Whew. Despite the fact that I merely posted a couple Pyramid Man adventures, that sure wore me out. And now I'm dwelling on the word "manhole" and am really afraid of the tangent that I'm about to go off on,

so I'll stop now,

before I type the word

urethra.

Thursday, September 24, 2009

"If you'd like to have a logical explanation/How I happened on this elegant syncopation/I will say without a moment of hesitation/There is just one place/That can light my face...And It's Called In Front of the Easel in Our Bathroom"


If you were able to find a scale the size of Gary, Indiana, you could hoist upon it all of the toys, puzzles, and games in our house and weigh 'em--at which point, even though you weren't actually weighing the toys ON the town of Gary, Indiana, I'm pretty sure, in a moment of transcendent empathy, the the nice little town of Gary, Indiana, would explode with a loud pop, just from sensing that a scale its size somewhere else on the planet was holding all that kid crap and measuring its heft.

In so many ways, not the least of which is that such an explosion would signal the end of Mayor Rudy Clay (who, based on what I see on his Website, is teeming with pos-i-tiv-ity), this would be a tragedy. Maybe, at least for the mayor's sake, it would be prudent for me to consider cutting back on the piles and piles of child amusements that fill our house so that no scale anywhere ever has to blow up--and so that all mayors, no matter the burg, can continue planning back-to-school picnics for their cities.

If I had to whittle it back to a mere 5 pounds of toy-ish stuff, I know one thing I'd keep: the easel.

Our Girl has used it for years when she is acting as teacher to a class of 26 babydolls; we have used it to pose a "Question of the Day"; both kids have created paintings of robots and sunflowers on it; and, in a pinch, it's a helluva coathook. I also sometimes prop myself against it when I get tipsy.

Transformers, stuffed animals, and board games alike know the Sheriff Is In Town when Easel stops by. Easel kicks toy ass (including that donkey from SHREK).

A few weeks ago, Easel stopped by the bathroom--on a campaign to intimidate the bathtub toys, metehinks, which live in a bucket under the towels--and has been hanging out there since.

Can I just say there are few things more fun than an easel in the bathroom? For one thing, it negates the need for magazines and the crossword puzzle. Because? Punky? You can spend a lot of toilet time creating art when Easel is hovering nearby.

It's a venue for a whole new kind of toilet humor.

Even better, since Paco is waaaaaaaaaaay into reading comic books and graphic novels, we can pretend we're upping his literacy by drawing cartoons on Easel that the lad then has to decipher while he, as we say, "makes a pooper."

In recent days, we've had a variety of panels appear and be wiped away (simultaneous wiping: the hidden bonus of a whiteboard in the bathroom!), including my personal favorite, an alien guy named Brainiac who can't figure out how to eat chicken nuggets, what with him being only a brain on a body and having no mouth.

However, I'm also really enjoying Groom's latest creation, "The (mis)Adventures of Pyramid Man." First, Pyramid Man showed up like this:

His triangular shape makes him wonder, "How am I going to get in?"

See.
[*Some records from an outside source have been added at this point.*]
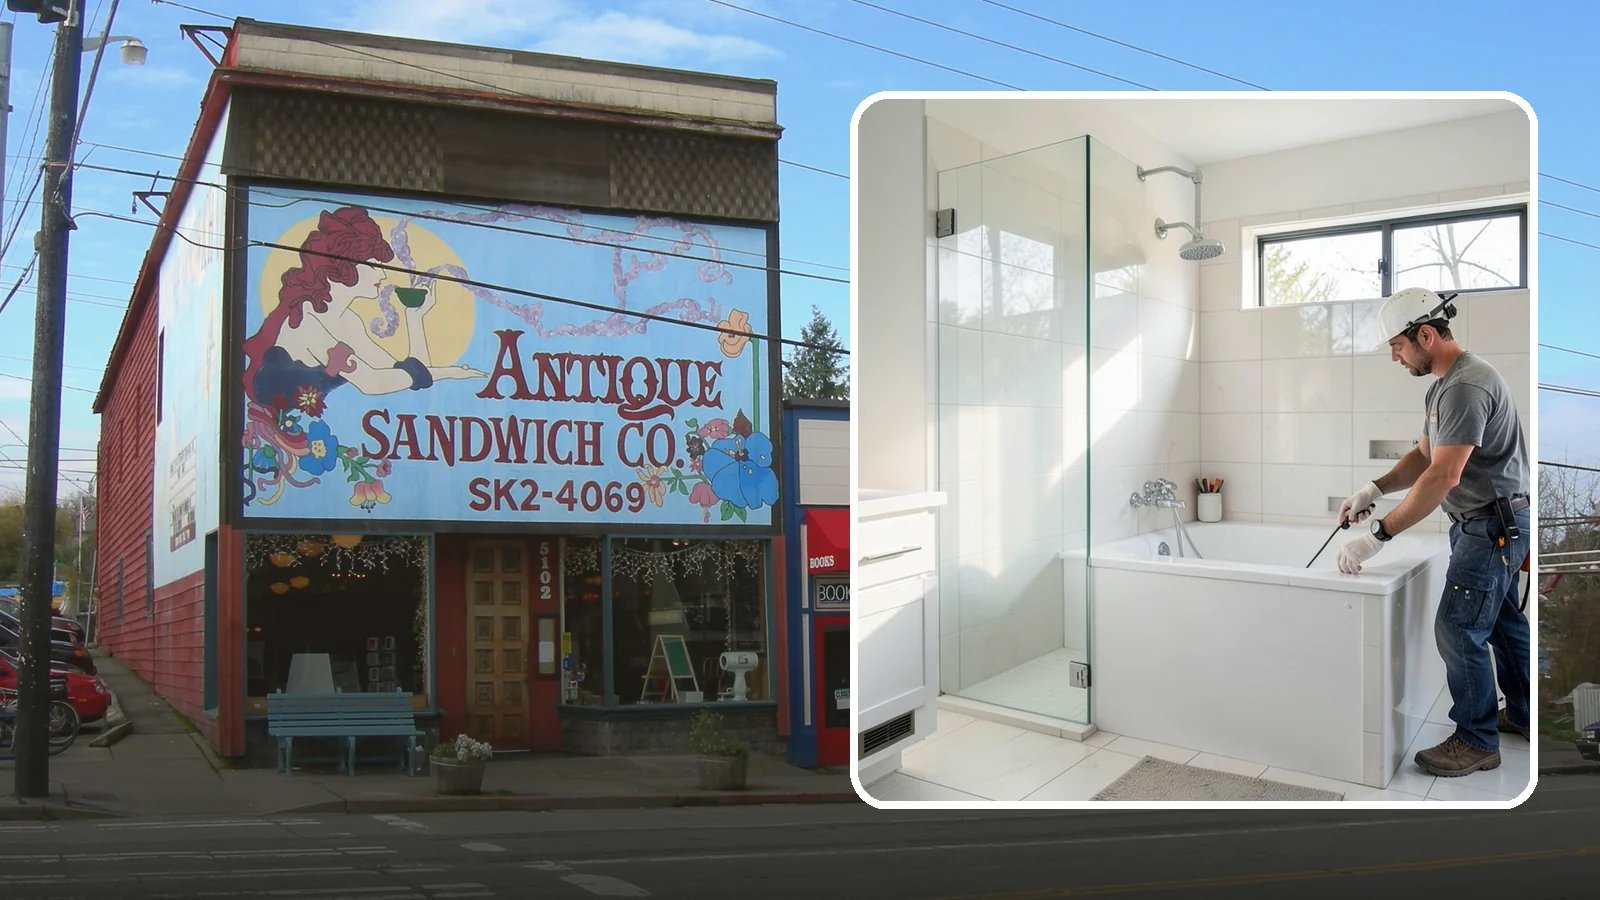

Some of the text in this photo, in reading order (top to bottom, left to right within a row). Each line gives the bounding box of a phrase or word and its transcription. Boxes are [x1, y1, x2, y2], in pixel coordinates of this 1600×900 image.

[476, 329, 723, 421] ANTIQUE
[361, 408, 685, 469] SANDWICH CO.
[468, 477, 646, 513] SK2-4069
[540, 541, 552, 600] 5102
[809, 555, 835, 569] BOOKS
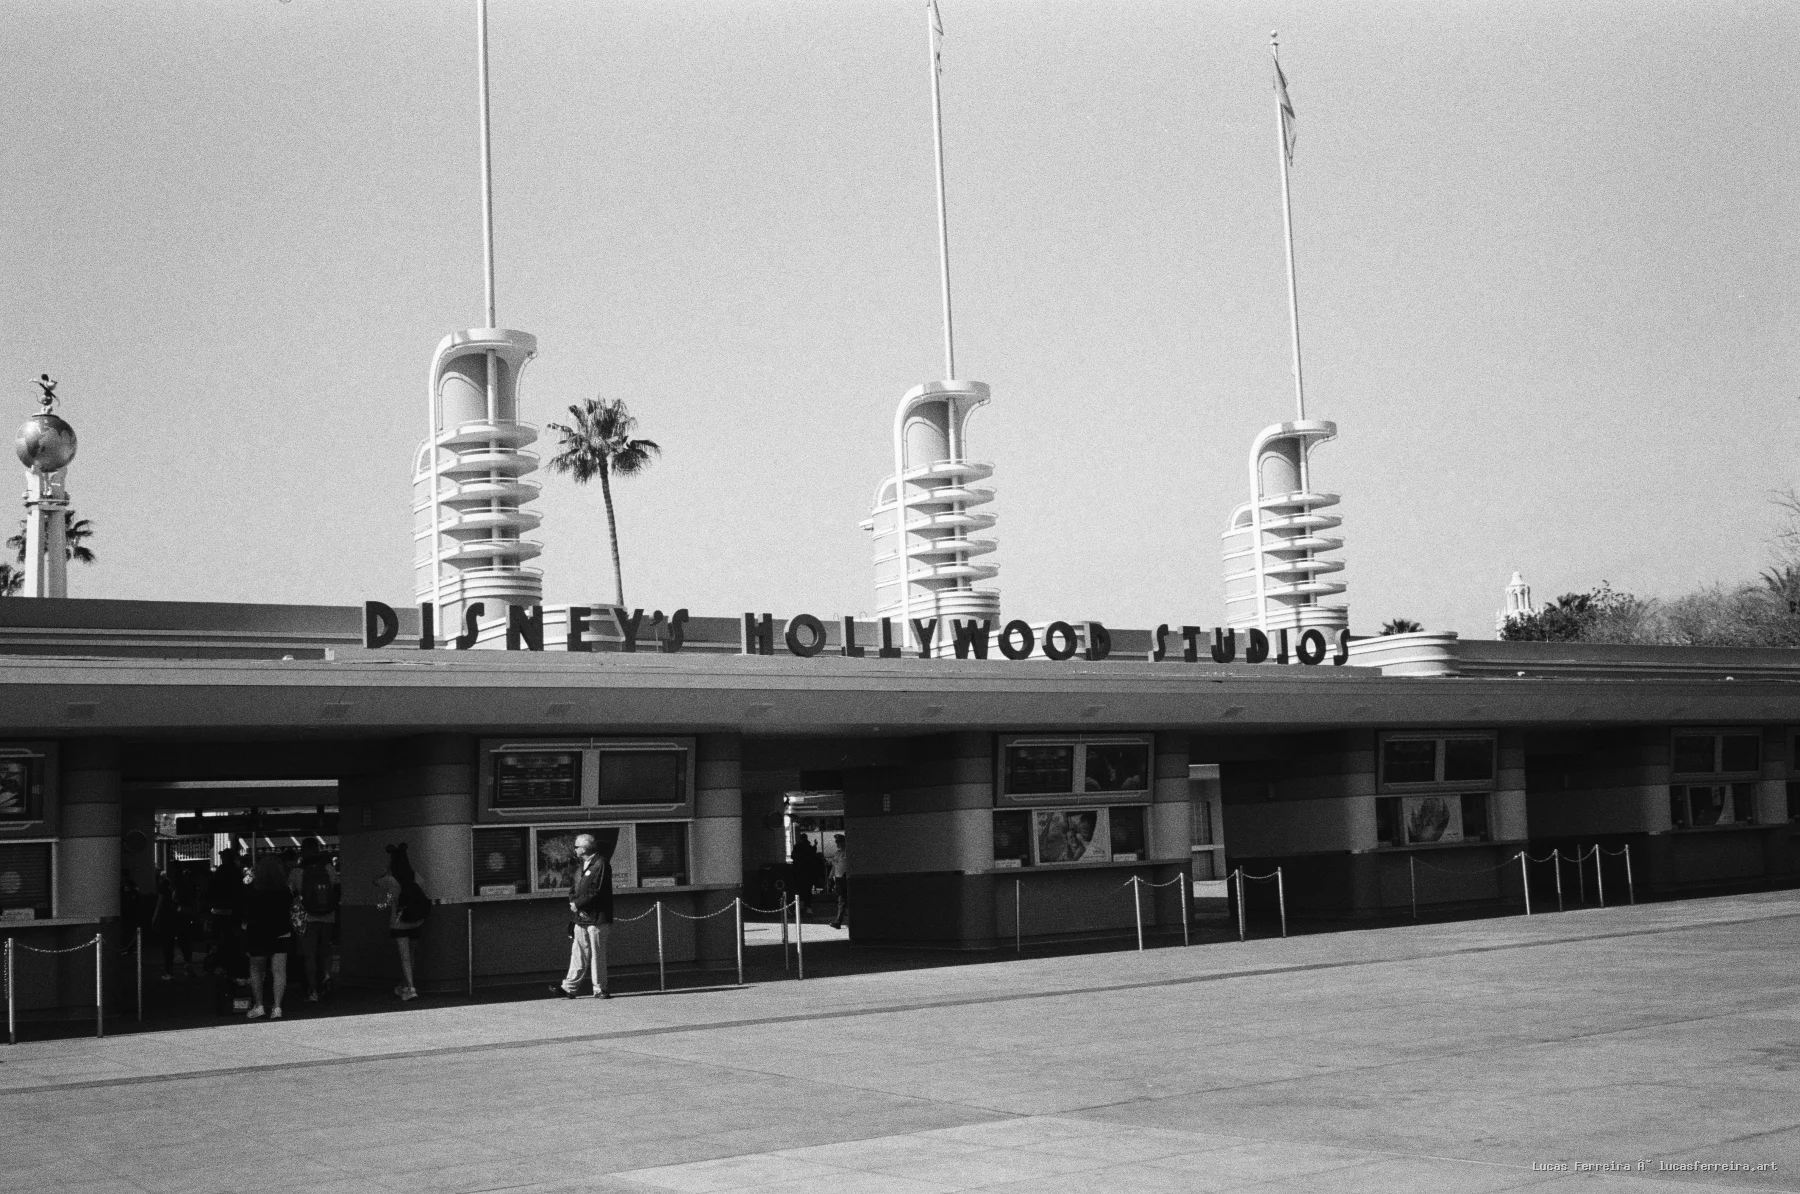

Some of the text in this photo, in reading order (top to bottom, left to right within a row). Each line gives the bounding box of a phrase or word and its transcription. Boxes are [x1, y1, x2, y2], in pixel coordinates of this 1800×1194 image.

[363, 600, 1351, 666] DISNEY'S HOLLYWOOD STUDIOS
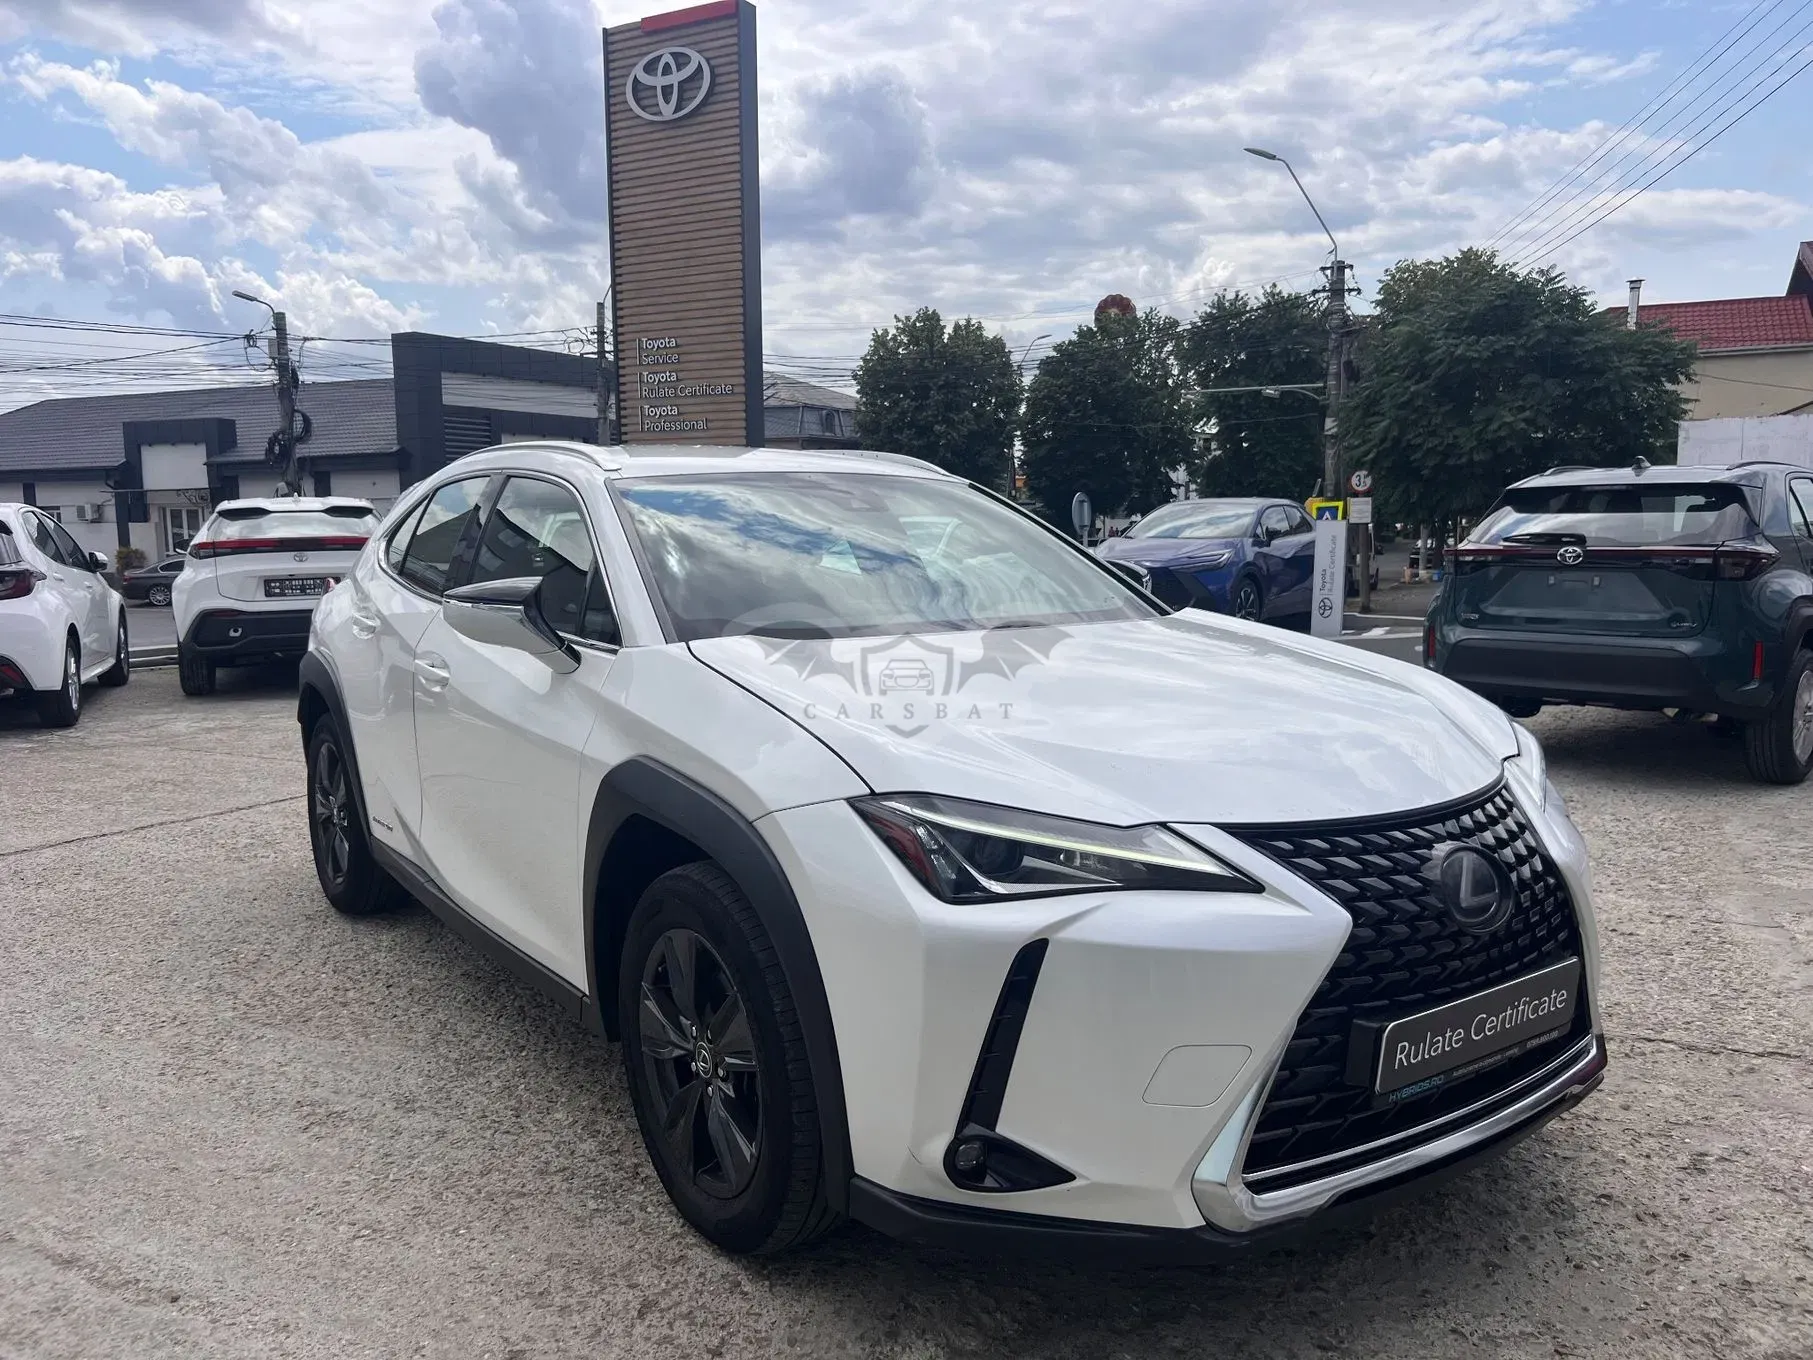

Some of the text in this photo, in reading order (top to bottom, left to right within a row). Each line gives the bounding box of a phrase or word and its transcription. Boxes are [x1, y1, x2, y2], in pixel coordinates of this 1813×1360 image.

Rectangular doors are discriminatory.

Today, I switched up Pyramid Man's house and thoughts, though, which delighted Paco during his early-morning toilet ministrations.

Here, Pyramid Man looks befuddled because he didn't actually order that new rug.

As Paco noted while his undies and shorts fell to a puddle around his ankles, "Pyramid Man can't even get inside to call someone and tell them they brought the carpet to the wrong house!"

Poor, poor Pyramid Man.


Clearly, Easel will continue to amuse us as we brush, floss, and wipe. I invite you now into our bathroom, so long as you're willing to ignore the grey ring running around the inside of the tub: if the marker were in your hand, what scenario would vex Pyramid Man next?